O líder do governo no Congresso, Randolfe Rodrigues (Rede-AP), afirmou nesta sexta, 24, que o governo federal trabalhará na instalação das comissões mistas no Congresso para resolver o impasse entre Câmara e Senado sobre o rito de tramitação das medidas provisórias (MPs).

Randolfe afirmou que é “possível pensar” na instalação da comissão mista já na próxima semana. Neste caso, ele deixaria de viajar à China com o presidente Luiz Inácio Lula da Silva.

A gente vai trabalhar na instalação das comissões mistas, estamos nos planejando para isso, nos programando para isso”, disse aos jornalistas.

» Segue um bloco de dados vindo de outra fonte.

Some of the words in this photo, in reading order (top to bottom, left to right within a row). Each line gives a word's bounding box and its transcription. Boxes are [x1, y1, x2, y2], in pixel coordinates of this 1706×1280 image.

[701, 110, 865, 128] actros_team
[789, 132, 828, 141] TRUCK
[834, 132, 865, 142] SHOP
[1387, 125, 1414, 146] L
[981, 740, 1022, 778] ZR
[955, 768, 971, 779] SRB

Questionado sobre como resolver o impasse com o presidente da Câmara, Arthur Lira (PP-AL), que resiste em retomar as comissões mistas para tramitação das MPs, Randolfe disse que o acordo “está em curso” e que está confiante em ter uma solução hoje para o impasse.

De acordo com Randolfe, a relatoria das medidas mais “impactantes politicamente” ficará com a Câmara, como a MP que estabeleceu a reestruturação da Esplanada e a que retomou o voto de qualidade no Conselho de Administração de Recursos Fiscais (Carf).

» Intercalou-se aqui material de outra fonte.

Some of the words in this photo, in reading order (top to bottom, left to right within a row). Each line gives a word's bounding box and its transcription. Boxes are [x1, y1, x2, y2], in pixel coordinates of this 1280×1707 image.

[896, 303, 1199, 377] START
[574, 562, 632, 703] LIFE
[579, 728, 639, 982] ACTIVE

Segundo ele, com a retomada da contagem das medidas, as MPs pares ficam com a relatoria da Câmara e as ímpares com a relatoria do Senado. “Não faremos nada que não seja dialogado e construído com o presidente da Câmara dos Deputados. Não tem interesse nenhum do governo, e suas lideranças em atropelar qualquer tipo de procedimento”, disse Randolfe.

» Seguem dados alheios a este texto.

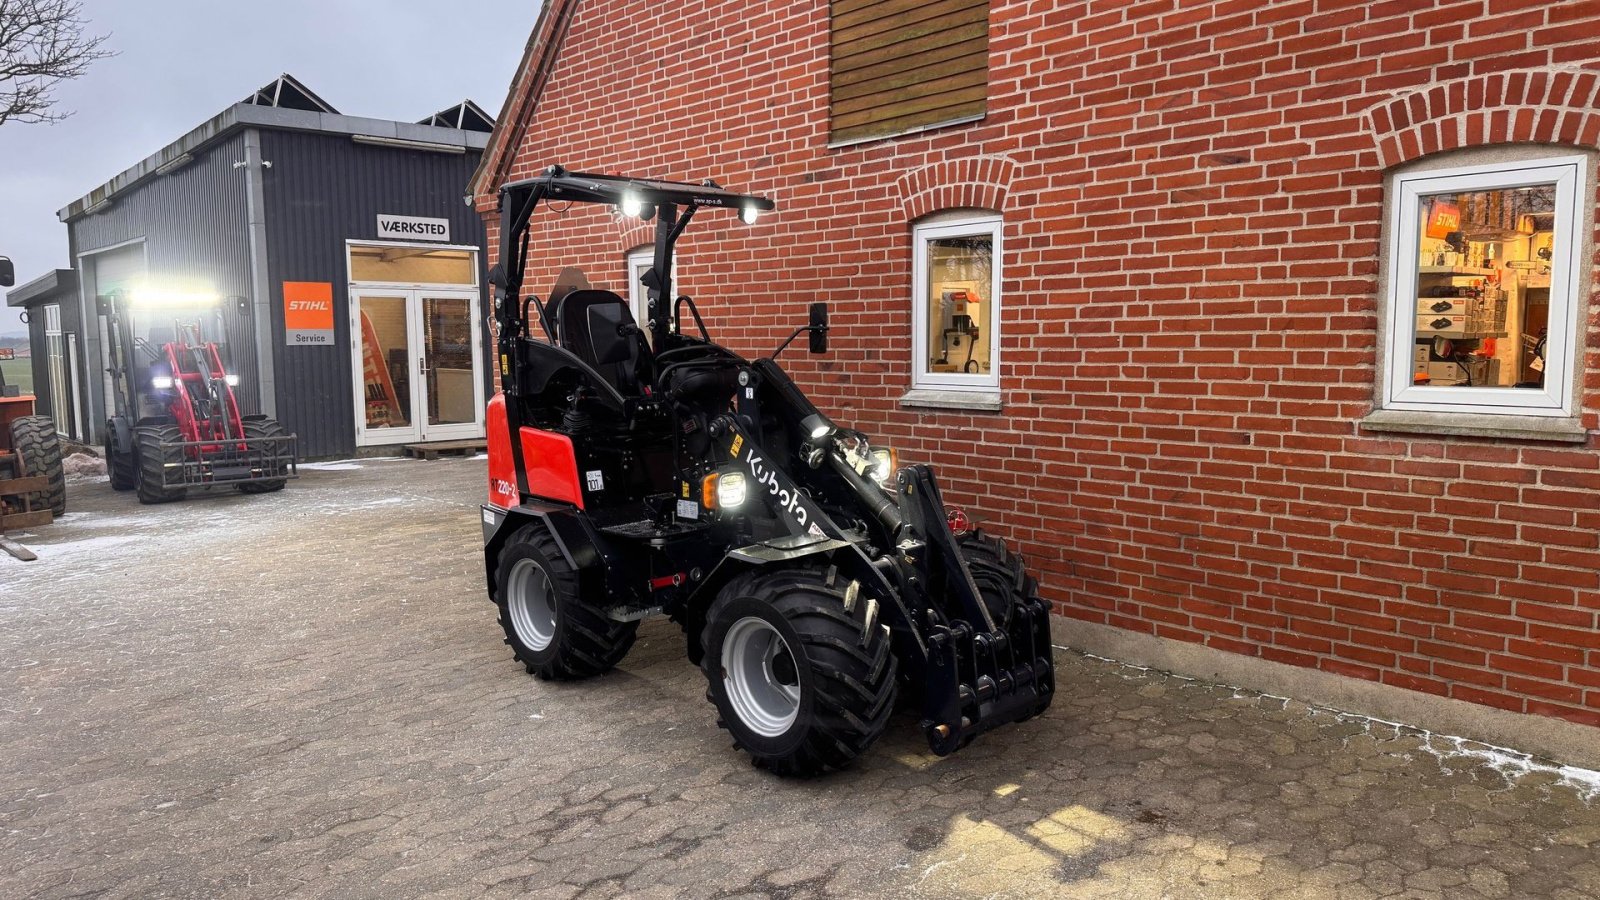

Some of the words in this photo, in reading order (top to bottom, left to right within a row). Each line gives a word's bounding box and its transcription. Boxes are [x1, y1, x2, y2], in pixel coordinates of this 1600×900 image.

[381, 220, 446, 235] VÆRKSTED
[289, 300, 329, 311] STIHL
[295, 333, 326, 343] Service
[746, 448, 807, 526] Kubota

Ontem, 23, o presidente do Senado, Rodrigo Pacheco (PSD-MG), assinou o ato que determina a volta das comissões mistas para análise de Medidas Provisórias, em meio a um embate com a Câmara sobre o rito de tramitação. A decisão, publicada em edição extra do Diário Oficial do Congresso, vale para as MPs editadas no governo Lula, a partir de 1º de janeiro.

Pacheco argumentou que, com o fim da pandemia – período em que as medidas foram votadas diretamente no plenário -, o rito anterior, com as MPs analisadas em comissão mista, deve ser retomado. Lira defende a manutenção do rito adotado na pandemia com a justificativa de que, dessa forma, o processo é mais ágil.

Como mostrou o Broadcast (sistema de notícias em tempo real do Grupo Estado), o presidente da Câmara ficou incomodado com a decisão de Pacheco de acatar a questão de ordem do senador Renan Calheiros (MDB-AL) que pedia o retorno imediato das comissões mistas de MPs. A intenção de Lira era negociar um acordo na semana que vem, quando a Câmara analisará as medidas que ainda estão pendentes do governo Bolsonaro.